I wish I didn’t feel so selfish

This post is a hard one to write. It’s one I’ve been contemplating writing but I’m unsure if I should. It’s raw and honest. It’s me. And it’s my feelings and perspective. I don’t know if my husband reads my blog on a regular basis, so I don’t know if he’ll see this. But if he does I hope he can understand where I am coming from. As I hope all my readers can. I’m not in any way attacking Hubs. But this is a big part of me and my life…

A little while back I decided to start a series of posts to give me an outlet to talk about what its like to live with a husband who suffers from chronic pain. I only got as far as talking a bit about Hub’s history and I never really talked too much about the impact that has on me.
Hubs struggles a lot with his pains. And often he pushes himself past his physical limits and causes himself more pain. This usually leave me feeling two things. The first is annoyed that I’m 8 months pregnant and picking up the slack while experiencing pains of my own and the second is guilt. Guilt because I’m annoyed, and guilt because I know the reason he pushed himself past his limit is because he was trying to make the kids and I happy.
I struggle with the guilt. A lot. I feel guilty when I wish he was able to do more. I feel guilty when I’m not as sympathetic as maybe I should be. I feel guilty when I’m annoyed that I want to do something and I know he’s in too much pain. I feel guilty that I have thoughts along the lines of ‘I suck up my pains to do this, why can’t you’ when I know that he’s already pushed himself much further then he should.
I feel guilty that I want him to go back to work RIGHT NOW because I’m tired of dealing with his struggles with veterans affairs and long term disability. I’m tired of hearing him complain, I’m tired of feeling like I’m doing it alone even when he’s here. I’m tired of the mood swings, of his drugs leaving him not all here. Mostly I’m tired of feeling selfish and guilty.
Hubs is only really like this maybe 30% of the time. But its exhausting.
I hate seeing him in pain. I hate that nothing is really going to help him. I hate when he tells me that my rubbing his ankles helps when we both know damn well that the only thing its doing is giving me the illusion that I’m actually helping.
I love my husband. Through sickness and health, for better or worse and so on. I hate that he is hurting. I hate that I can’t help. I hate that I have the thoughts I do and I hate that there doesn’t seem to be much support for the spouses that help their loved ones cope with chronic pains. Because, quite frankly, its hard. And I could use the help.

Love, hugs and more to come later
Lynn

6 thoughts on “I wish I didn’t feel so selfish

  1. these are all completely normal and understandable feelings. there is nothing to feel guilty about, and chronic pain affects not only the sufferer, but also those who suffer with and for the person. i’m sorry for this and hope that you will give yourself permission to have your feelings and to do some things for yourself that bring you joy. best, beth

    • Thanks Beth. I know I’m allowed to feel the way I do, and I do try to do things for myself… Its hard. and I truly wish people were more educated on chronic pain, and that there was more support for those supporting chronic pain sufferers.

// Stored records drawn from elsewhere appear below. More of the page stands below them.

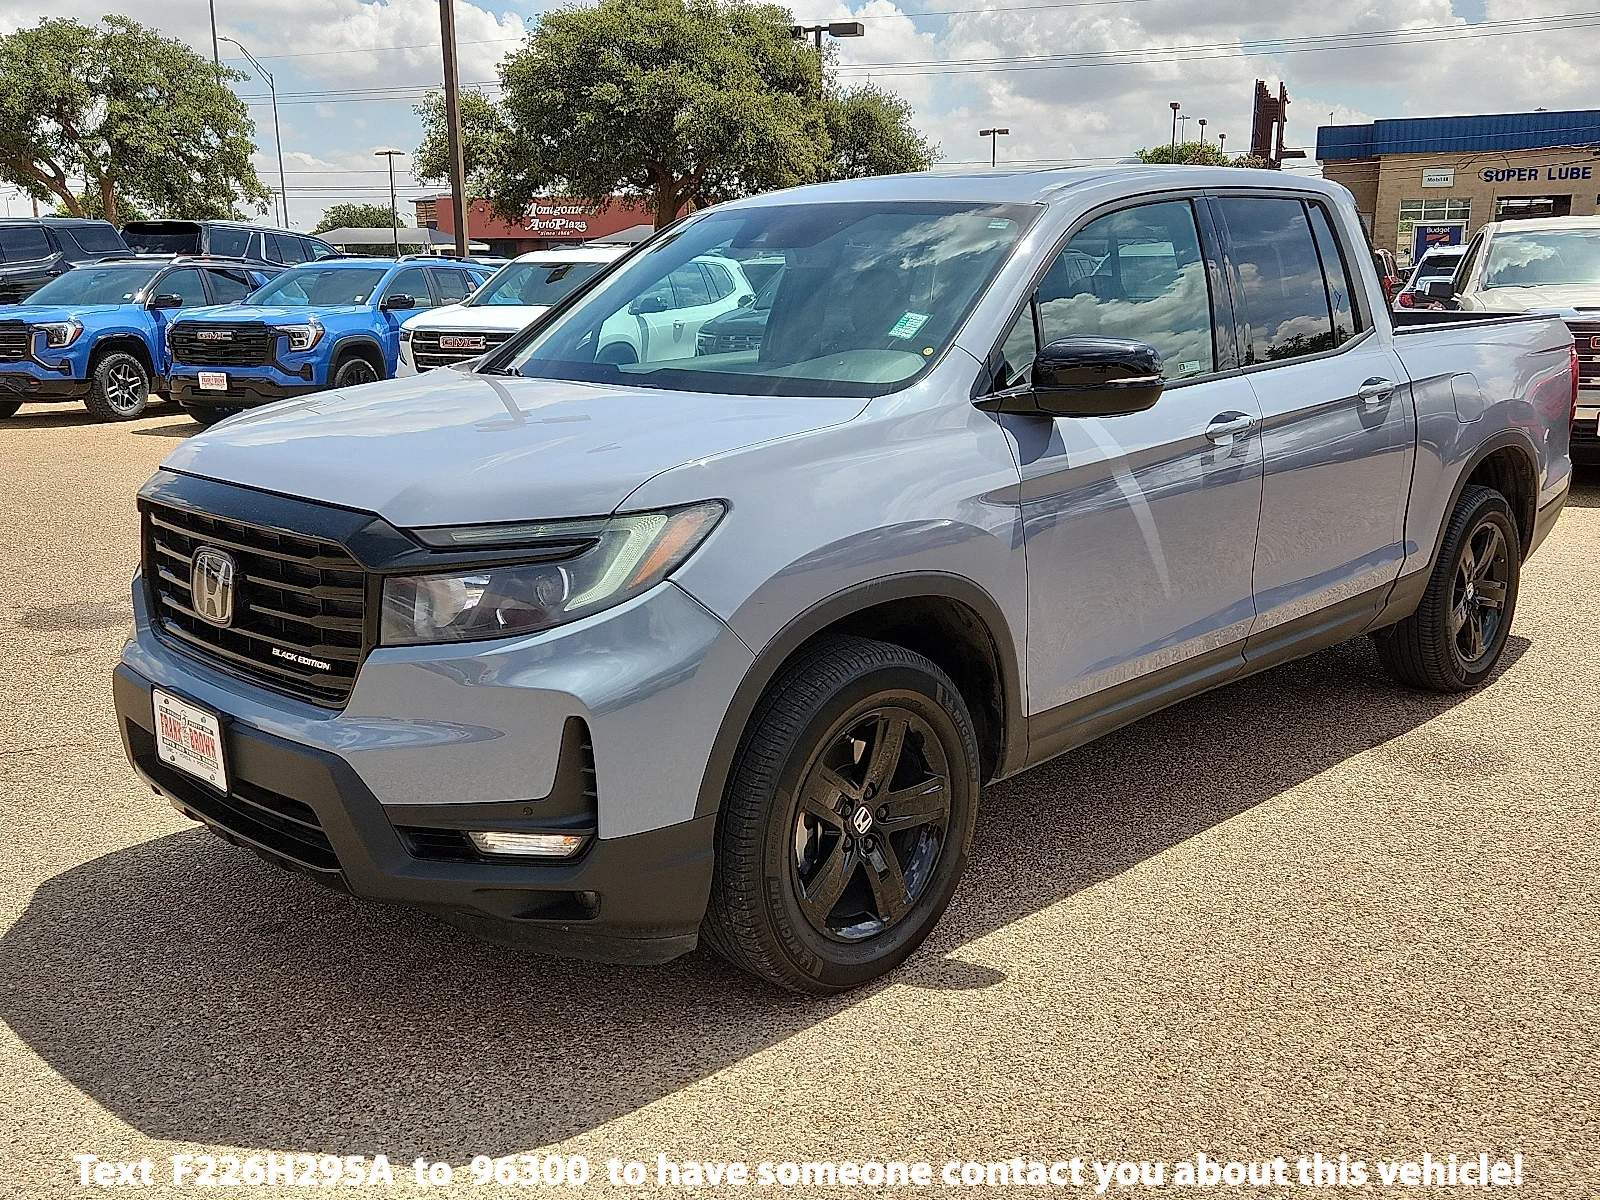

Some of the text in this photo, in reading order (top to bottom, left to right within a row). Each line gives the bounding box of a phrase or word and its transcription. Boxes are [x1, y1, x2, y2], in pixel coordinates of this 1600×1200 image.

[1483, 167, 1593, 182] SUPER LUBE
[1426, 226, 1450, 234] Budget
[197, 331, 233, 340] GMC
[440, 336, 485, 348] GMC
[272, 647, 331, 671] BLACK EDITION
[160, 712, 183, 746] FRANK
[188, 727, 218, 762] BROWN

      • it must be very challenging at times, to say the least. my old boyfriend worked for a company who dealt w chronic pain patients, and trying to get insurance companies to cover alternative therapies for them ,- yoga, massage, acupuncture, movement classes – and it was an uphill battle. they just want to treat the patient with heavy drugs and/or surgery, which does not help them to get better, only numbs them, or stiffens them in the case of back pain. and that is hard on everyone.

      • That’s exactly the issue. Hubs is on strong meds that alter his personality (not in a big way, but enough that its noticeable) we’ve been researching alternative options but we’ll have to pay for them out of pocket which is going to add up fast! But if it works, its worth it!

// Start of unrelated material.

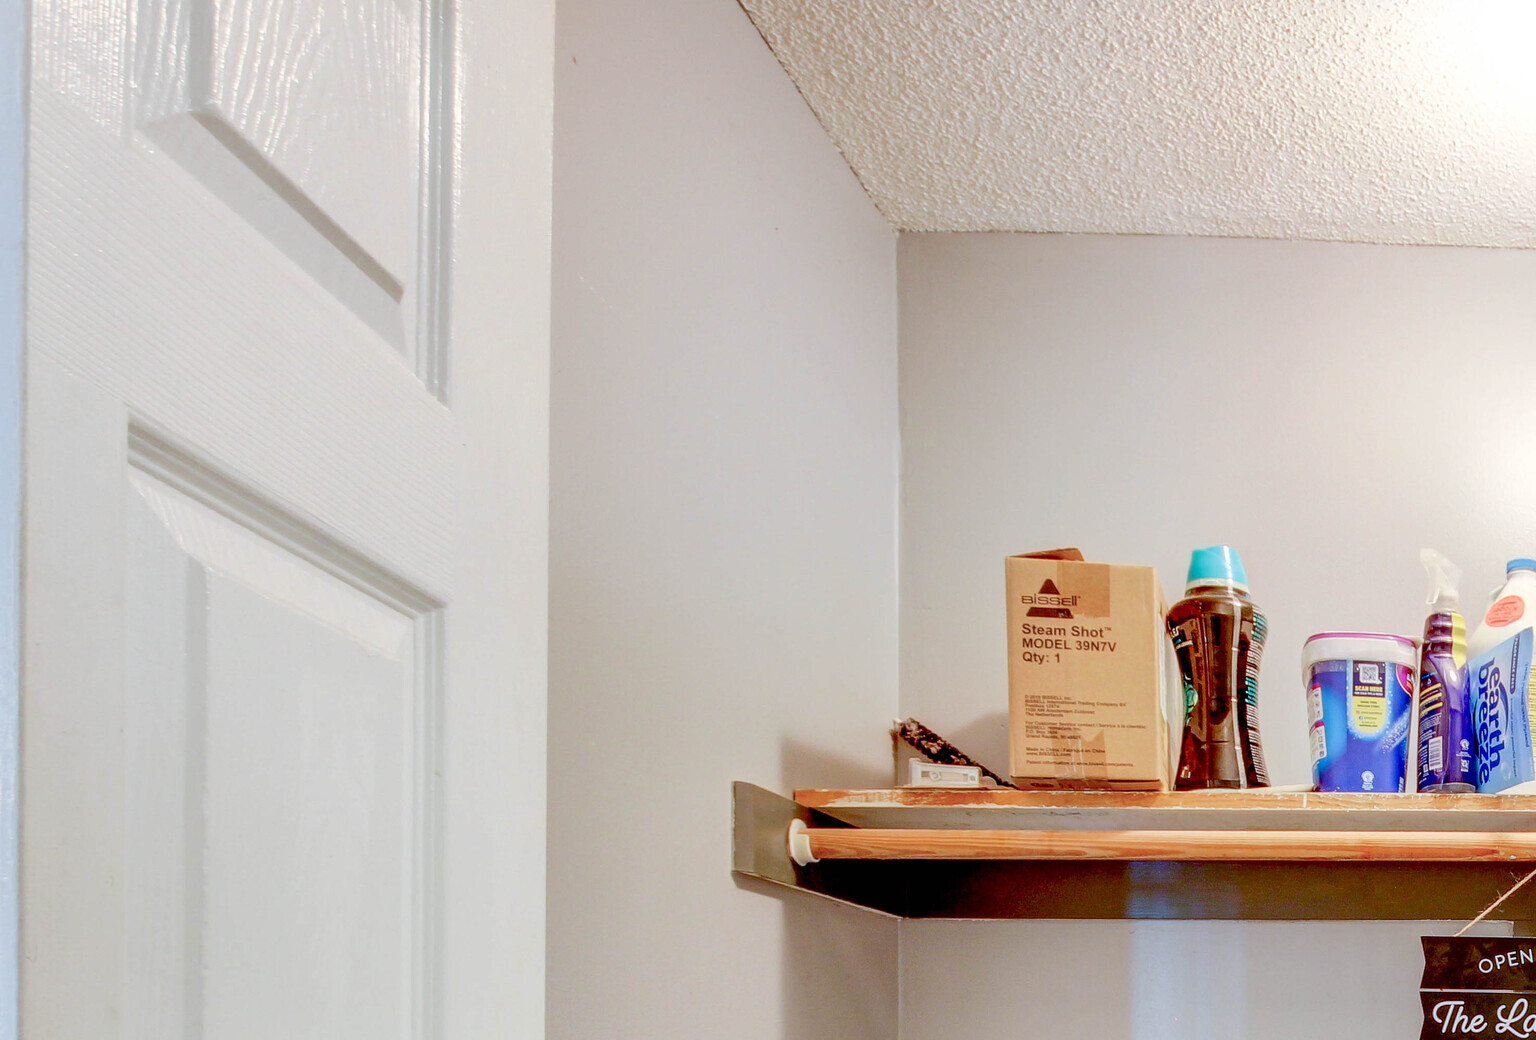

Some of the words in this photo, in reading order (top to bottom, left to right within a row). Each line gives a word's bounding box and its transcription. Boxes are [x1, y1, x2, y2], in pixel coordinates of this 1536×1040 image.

  2. I am not in the same situation as you, but can understand your feelings. I think we wives and moms often feel guilt for having the emotions that we do. Our feelings are never wrong unless we react to them the wrong way. It sounds like you are handling everything swimmingly considering. Thinking of you and hoping that you get some rest and relaxation soon!

    • Thank you for your kind words. I agree it is definitely a mom trait to feel guilty for our feelings sometimes. I guess when you feel as though your expected to put everyone else first its hard to remember you matter too!